* [Requirement] Exact copy, no pictures: output all the records that follow.

* [Extracted records]
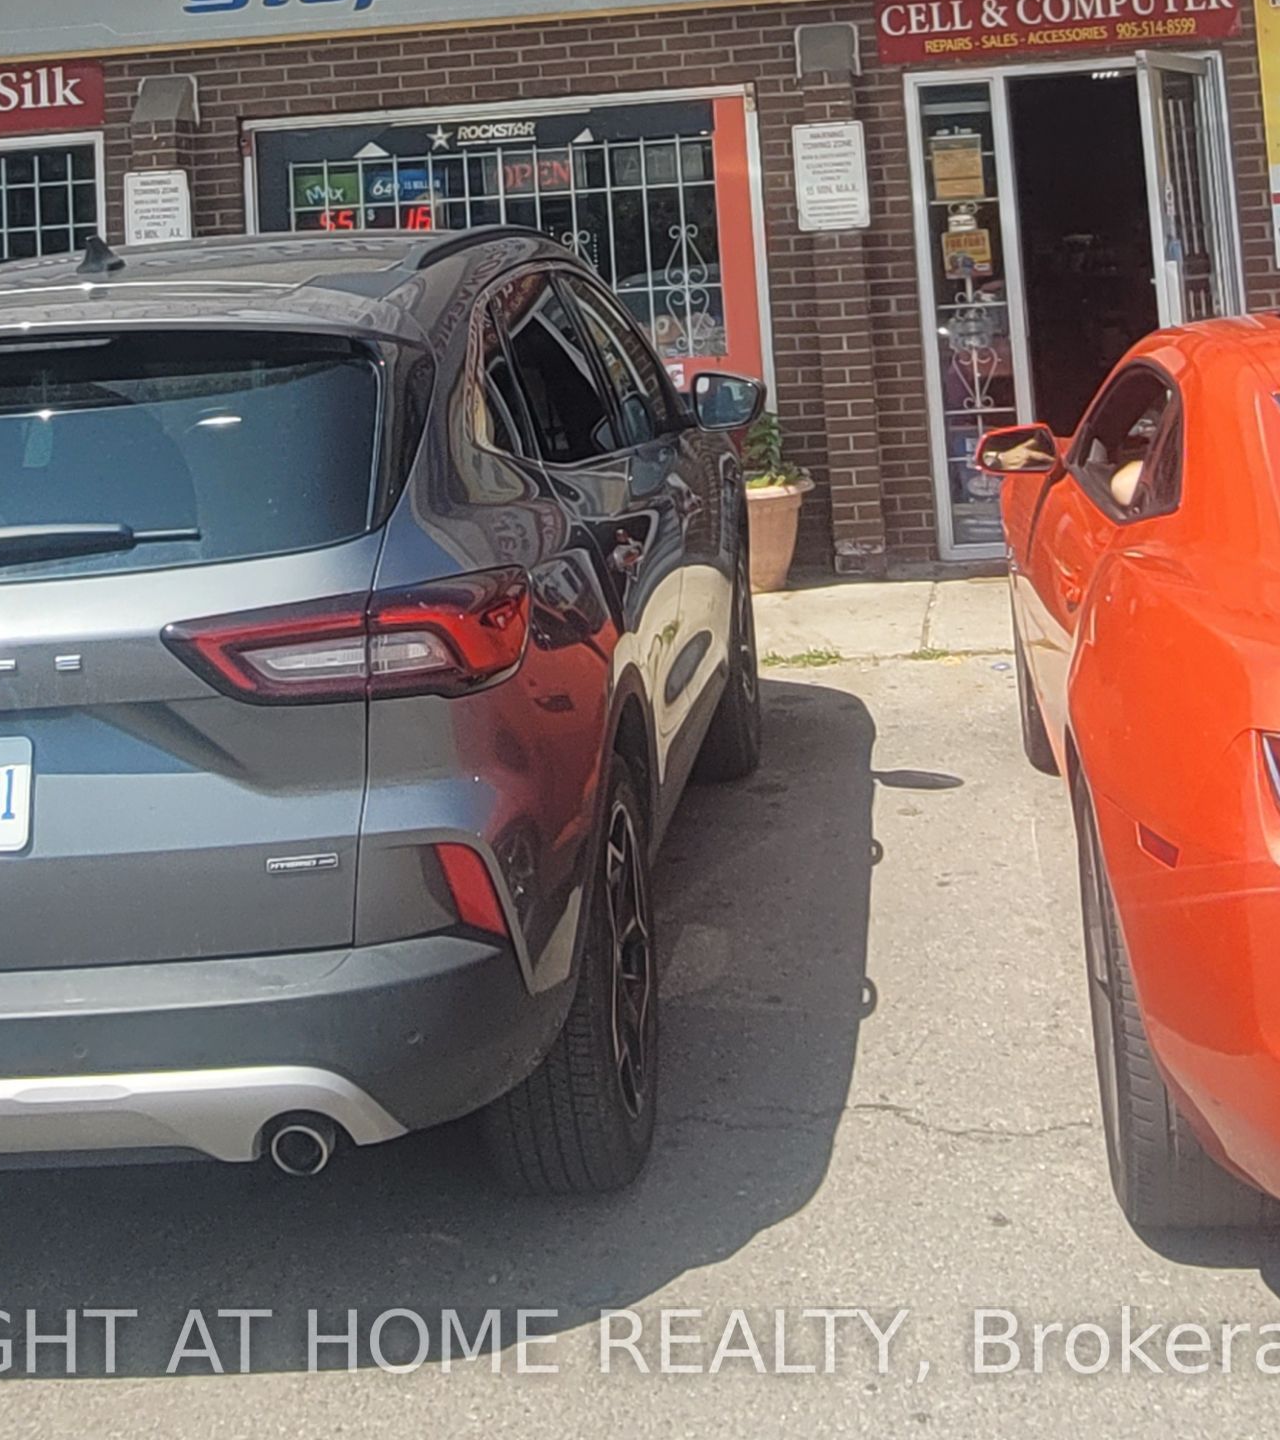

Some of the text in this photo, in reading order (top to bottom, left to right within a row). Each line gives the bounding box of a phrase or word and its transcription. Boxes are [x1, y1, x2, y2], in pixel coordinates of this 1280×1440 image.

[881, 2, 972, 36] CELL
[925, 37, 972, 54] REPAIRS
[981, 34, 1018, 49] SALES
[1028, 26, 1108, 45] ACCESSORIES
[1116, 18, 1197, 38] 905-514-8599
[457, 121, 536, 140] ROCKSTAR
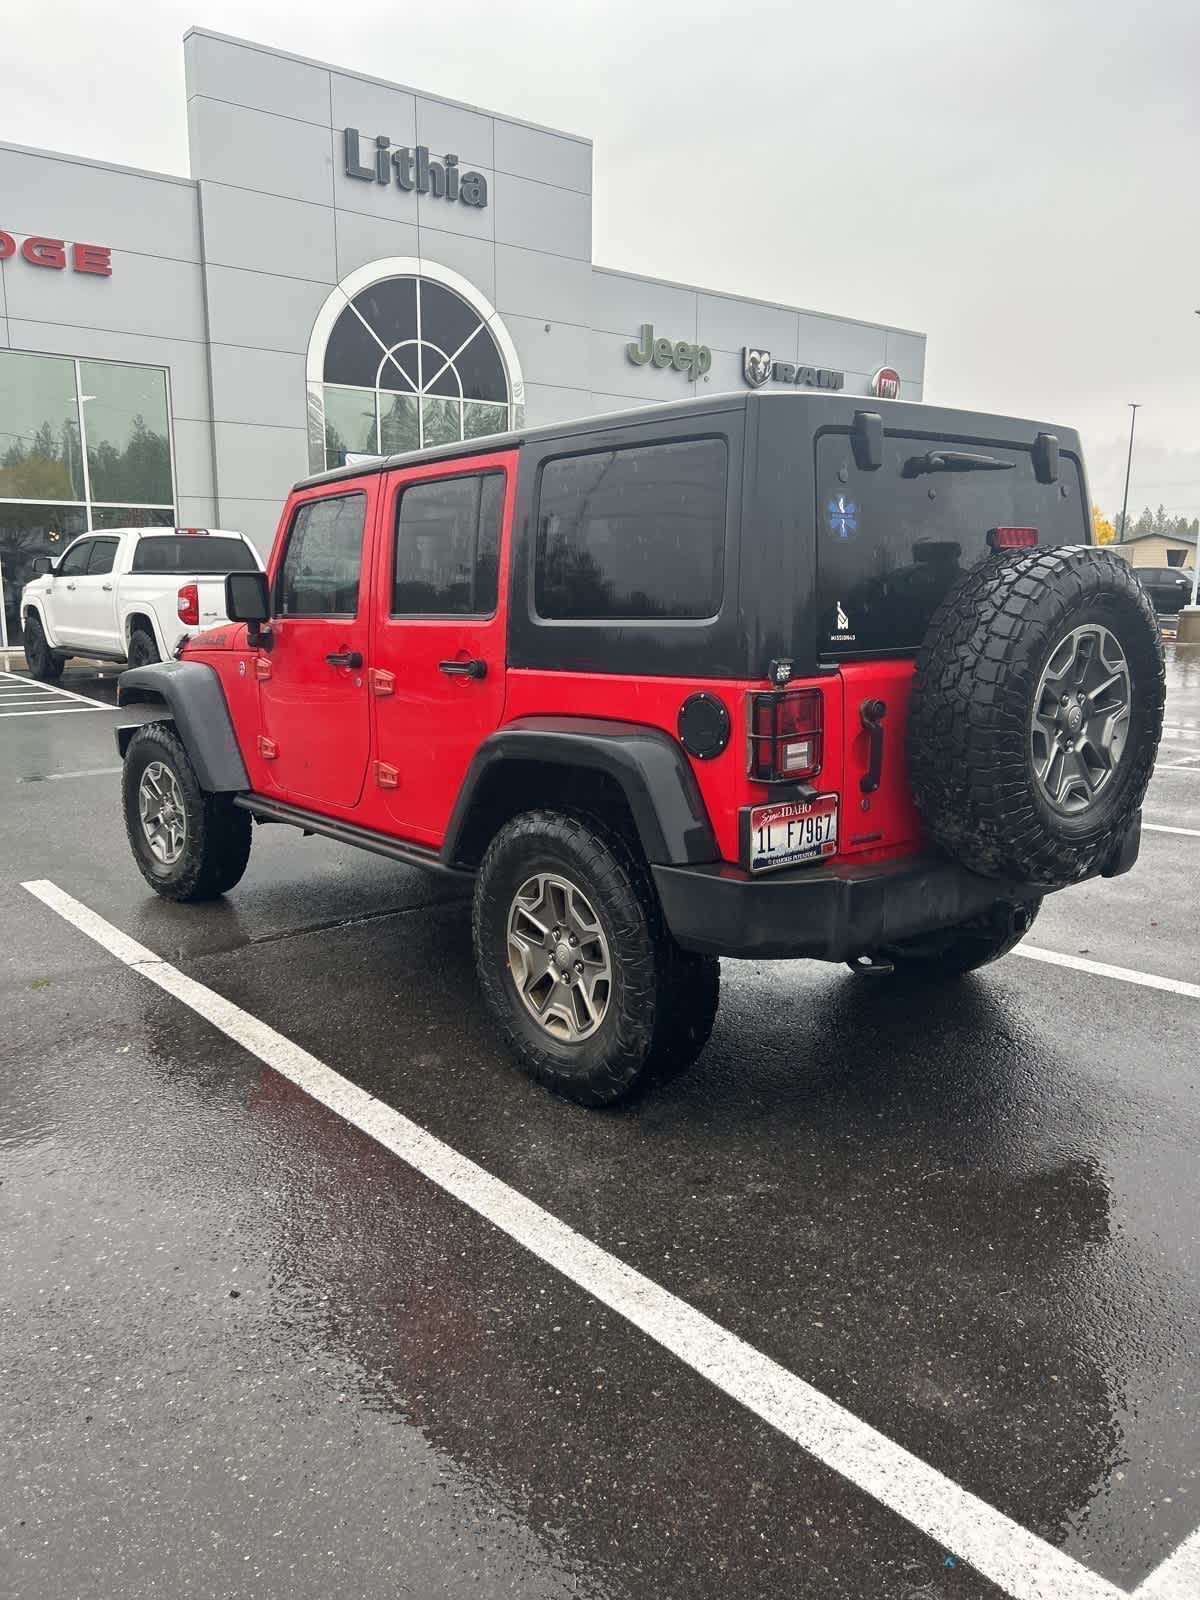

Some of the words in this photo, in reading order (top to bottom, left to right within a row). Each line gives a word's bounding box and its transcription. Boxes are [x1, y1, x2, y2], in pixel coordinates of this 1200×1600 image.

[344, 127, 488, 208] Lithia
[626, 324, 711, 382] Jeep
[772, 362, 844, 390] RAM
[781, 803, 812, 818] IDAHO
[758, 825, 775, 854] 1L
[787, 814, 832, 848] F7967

* [Problem solution]
Some of the text in this photo, in reading order (top to bottom, left to right within a row). Each line gives the bounding box of a phrase or word and its transcription. Boxes are [x1, y1, x2, y2], in pixel coordinates of this 1280×1440 image.

[881, 2, 972, 36] CELL
[925, 37, 972, 54] REPAIRS
[981, 34, 1018, 49] SALES
[1028, 26, 1108, 45] ACCESSORIES
[1116, 18, 1197, 38] 905-514-8599
[457, 121, 536, 140] ROCKSTAR

Some of the words in this photo, in reading order (top to bottom, left to right within a row). Each line gives a word's bounding box and its transcription. Boxes are [x1, y1, x2, y2], in pixel coordinates of this 1200×1600 image.

[344, 127, 488, 208] Lithia
[626, 324, 711, 382] Jeep
[772, 362, 844, 390] RAM
[781, 803, 812, 818] IDAHO
[758, 825, 775, 854] 1L
[787, 814, 832, 848] F7967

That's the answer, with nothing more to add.